Endothelial and nonendothelial vascular function
The brachial artery was scanned longitudinally using high-resolution ultrasound 2–10 cm above the elbow, with the vessel placed horizontally across the screen according to the method first described by Celermajer et al. (21). Flow increase was induced by instantaneous inflation of a small pneumatic tourniquet placed around the forearm of the patient and inflated to 300 mm Hg for 4.5 min. A second scan was recorded from 30 s before and 90 s after cuff deflation. Flow velocity was recorded with a pulsed wave Doppler for 15 s before and 15 s after cuff deflation to reflect the endothelium-dependent vasodilator capacity. This was followed by 10 min rest for vessel recovery. A third scan at rest was taken and 0.40 mg sublingual nitroglycerin (NTG) spray was administered. Three to four minutes after NTG the last scan was recorded and was considered to measure the nonendothelium-dependent vasodilator capacity. Vessel diameter was measured from the videotape.
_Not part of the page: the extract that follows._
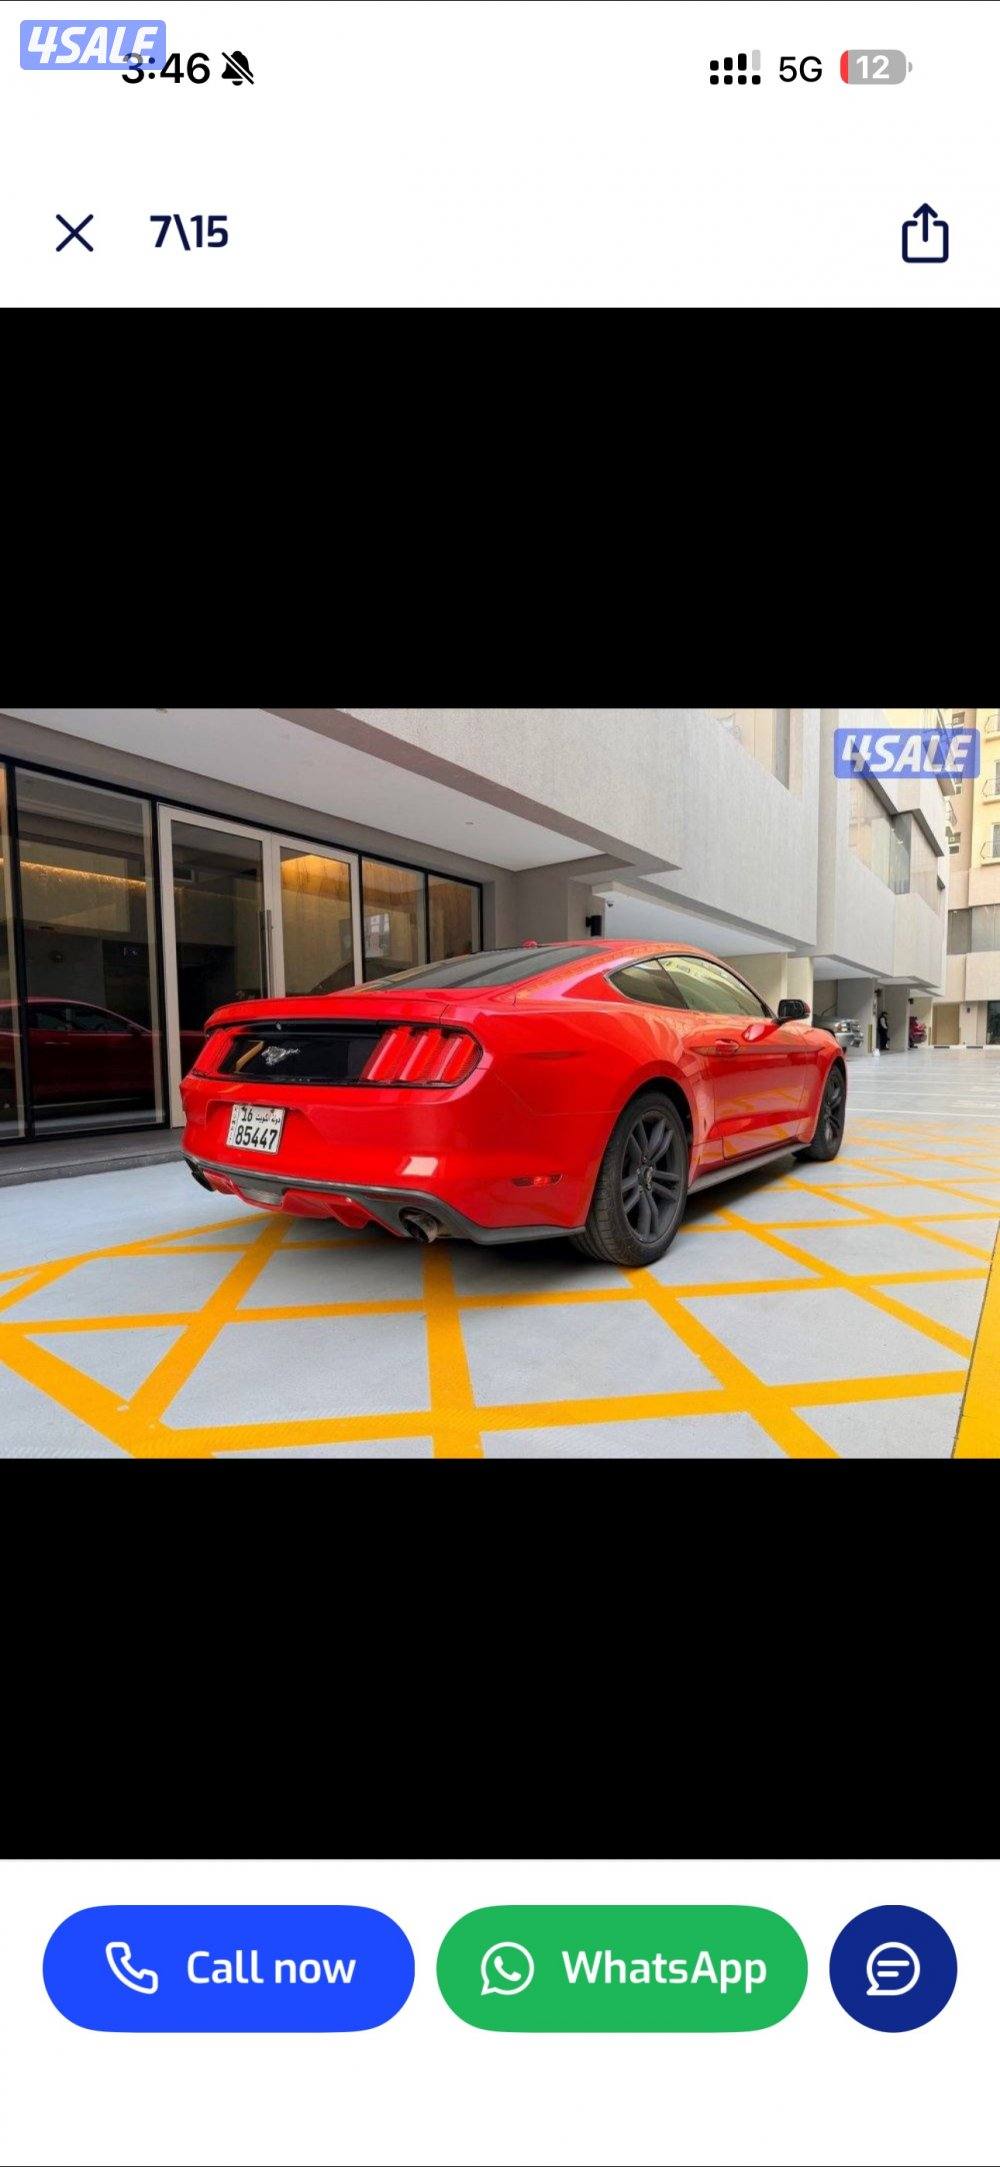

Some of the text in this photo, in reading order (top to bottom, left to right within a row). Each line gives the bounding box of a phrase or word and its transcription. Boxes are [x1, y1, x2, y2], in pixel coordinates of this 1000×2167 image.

Analysis of variance for repeated measures (ANOVA) and Student unpaired t-test were used. Statistical significance was defined as p < 0.05. Values are given as mean ± SD. To examine whether physical training improved exercise capacity, peak oxygen uptake and time to pain onset, a two-way repeated measures ANOVA with the group factor training/nontraining and the repeated factor time was performed.
Baseline patient characteristics are shown in Table 1. The three groups did not differ from each other in age, height, body weight, severity or history of angina pectoris. Before the study, all the patients had received an ordinary medical examination, pharmacological treatment and counseling concerning diet, alcohol consumption, smoking and physical activities and were encouraged not to change their lifestyle during the study.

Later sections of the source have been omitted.